🤖 AI Summary
This work addresses the problem of efficiently approximating the count of 4-cycles in graph edge streams presented in arbitrary order. To this end, the authors propose two induced subgraph sampling–based algorithms: a two-pass algorithm that achieves theoretically optimal space complexity on graphs with bounded degeneracy, marking the first optimal solution in this streaming model; and a single-pass algorithm tailored for sparse networks where 4-cycles are uniformly distributed, demonstrating robust performance on non-bipartite graphs such as social networks.
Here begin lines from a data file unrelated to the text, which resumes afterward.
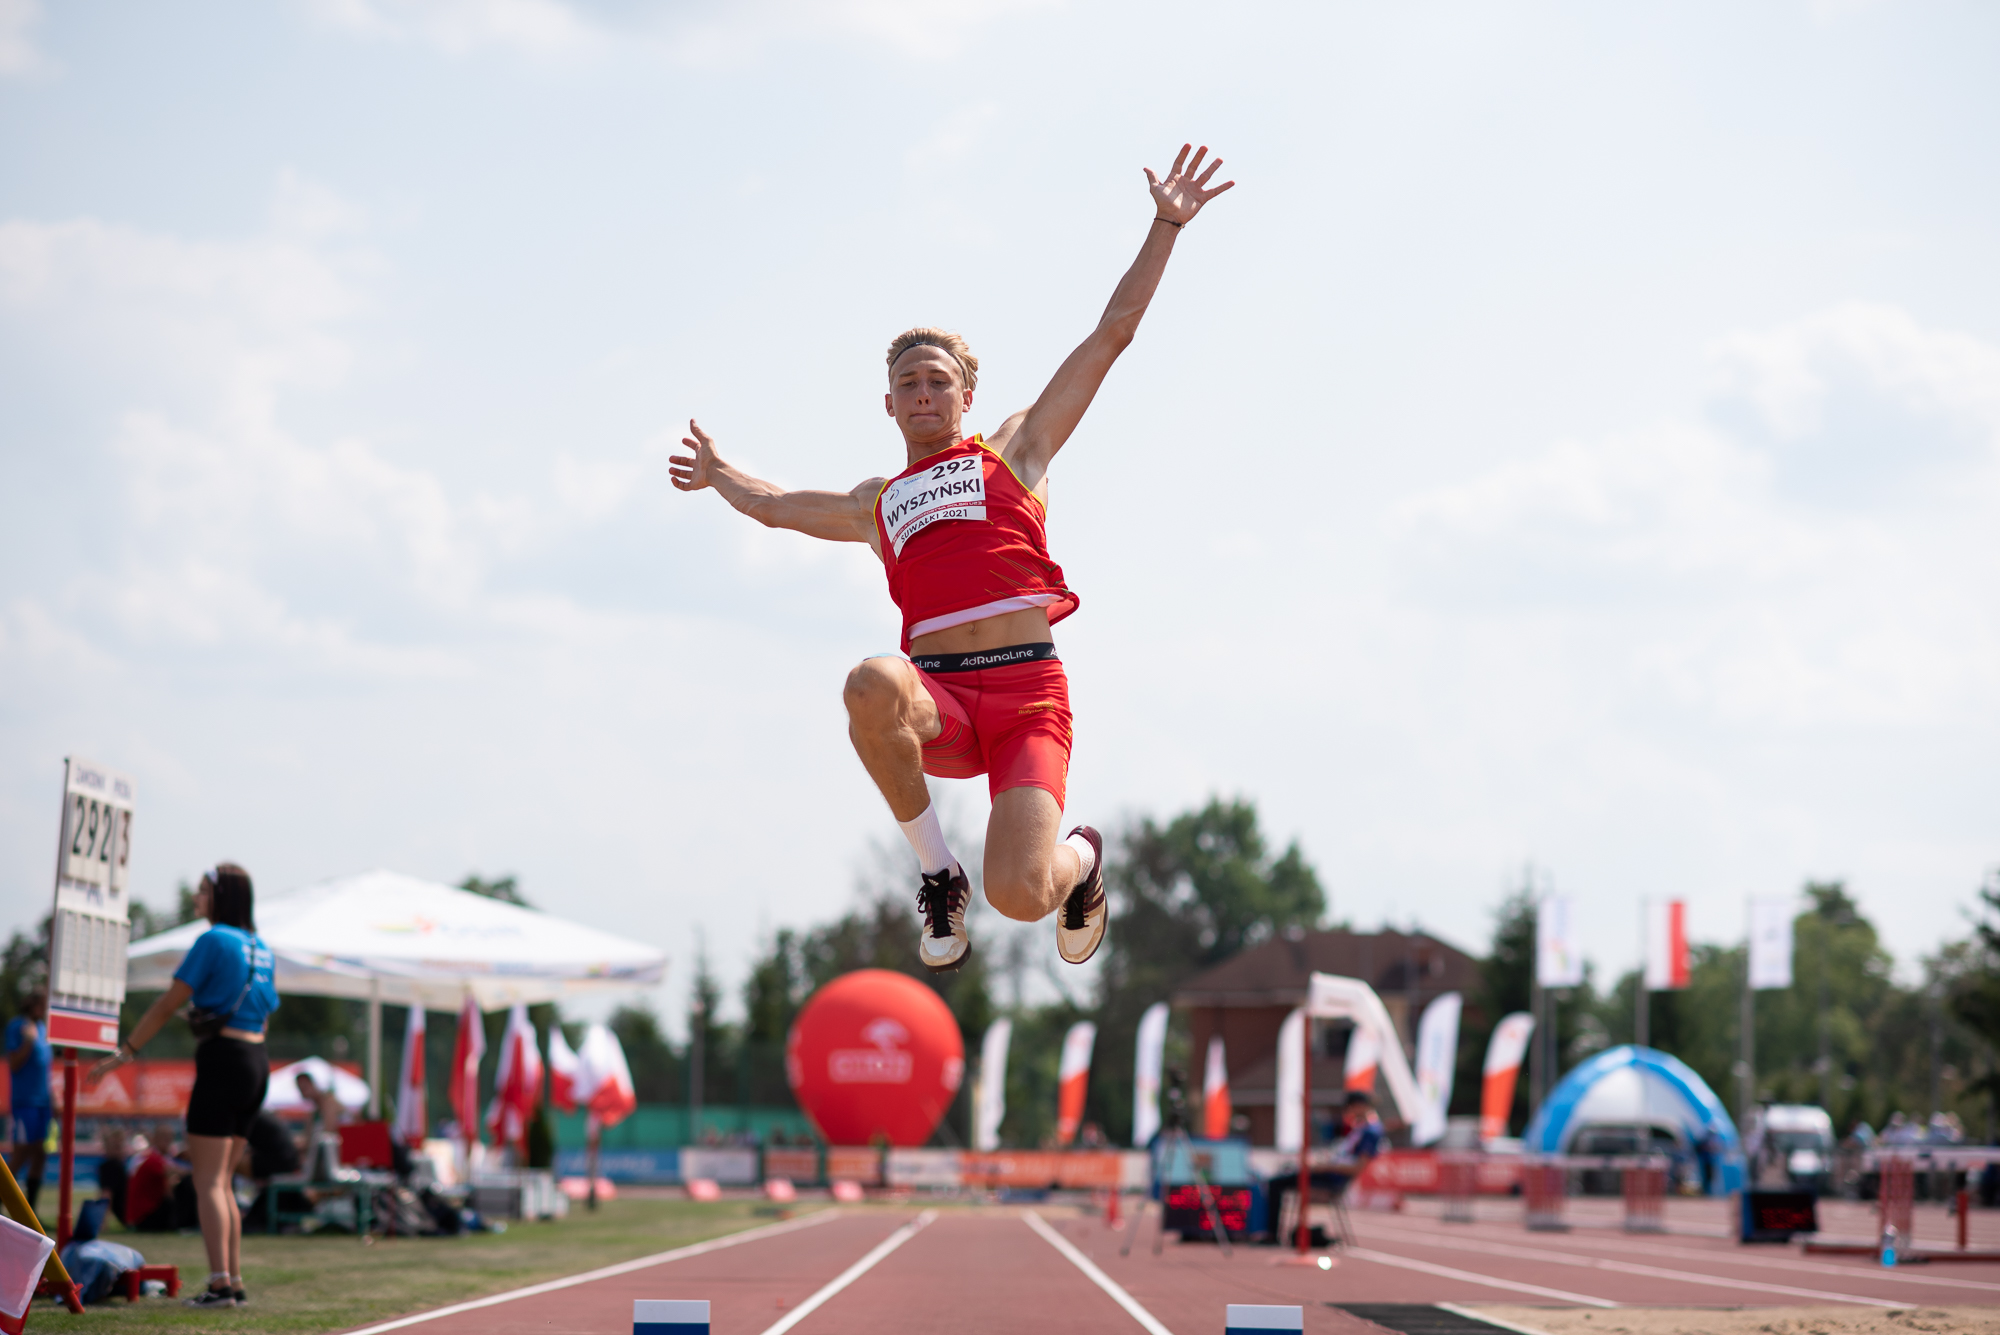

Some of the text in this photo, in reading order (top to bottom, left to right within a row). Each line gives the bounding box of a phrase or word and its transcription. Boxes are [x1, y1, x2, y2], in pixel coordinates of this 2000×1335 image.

[931, 459, 976, 481] 292
[886, 478, 981, 528] WYSZYŃSKI
[900, 513, 940, 543] SUWAŁKI
[942, 509, 968, 518] 2021
[960, 649, 1034, 667] AdRunaLine
[72, 795, 132, 867] 292 3
Experimental evaluation shows that the two-pass algorithm significantly outperforms existing methods on real-world graph streams, while the single-pass variant also exhibits strong performance in its intended application scenarios.
📝 Abstract
We study the problem of $(1+\varepsilon)$-approximating the number of four-cycles in graphs given as arbitrary order edge streams. We propose two new algorithms based on sampling induced subgraphs. Our first contribution is a two-pass algorithm that uses $\widetilde{O}(κm / \sqrt{T})$ space, where $m$ is the number of edges, $T$ is the number of four-cycles, and $κ$ is the graph's degeneracy. This algorithm improves upon existing theoretical bounds and is provably optimal for constant-degeneracy graphs, matching the known $Ω(m/\sqrt{T})$ lower bound up to lower-order factors. Our second contribution is a one-pass algorithm that remains accurate when four-cycles are not highly concentrated around individual nodes, edges, or wedges; this structural property is common in sparse social and collaboration networks. We evaluate both algorithms on a variety of real-world graph streams. The two-pass algorithm consistently outperforms state-of-the-art methods, using substantially less space to achieve a desired accuracy. The one-pass algorithm is competitive when four-cycles are evenly distributed, matching our theoretical analysis. Unlike several recent works, our algorithms perform well even on non-bipartite graphs such as social networks.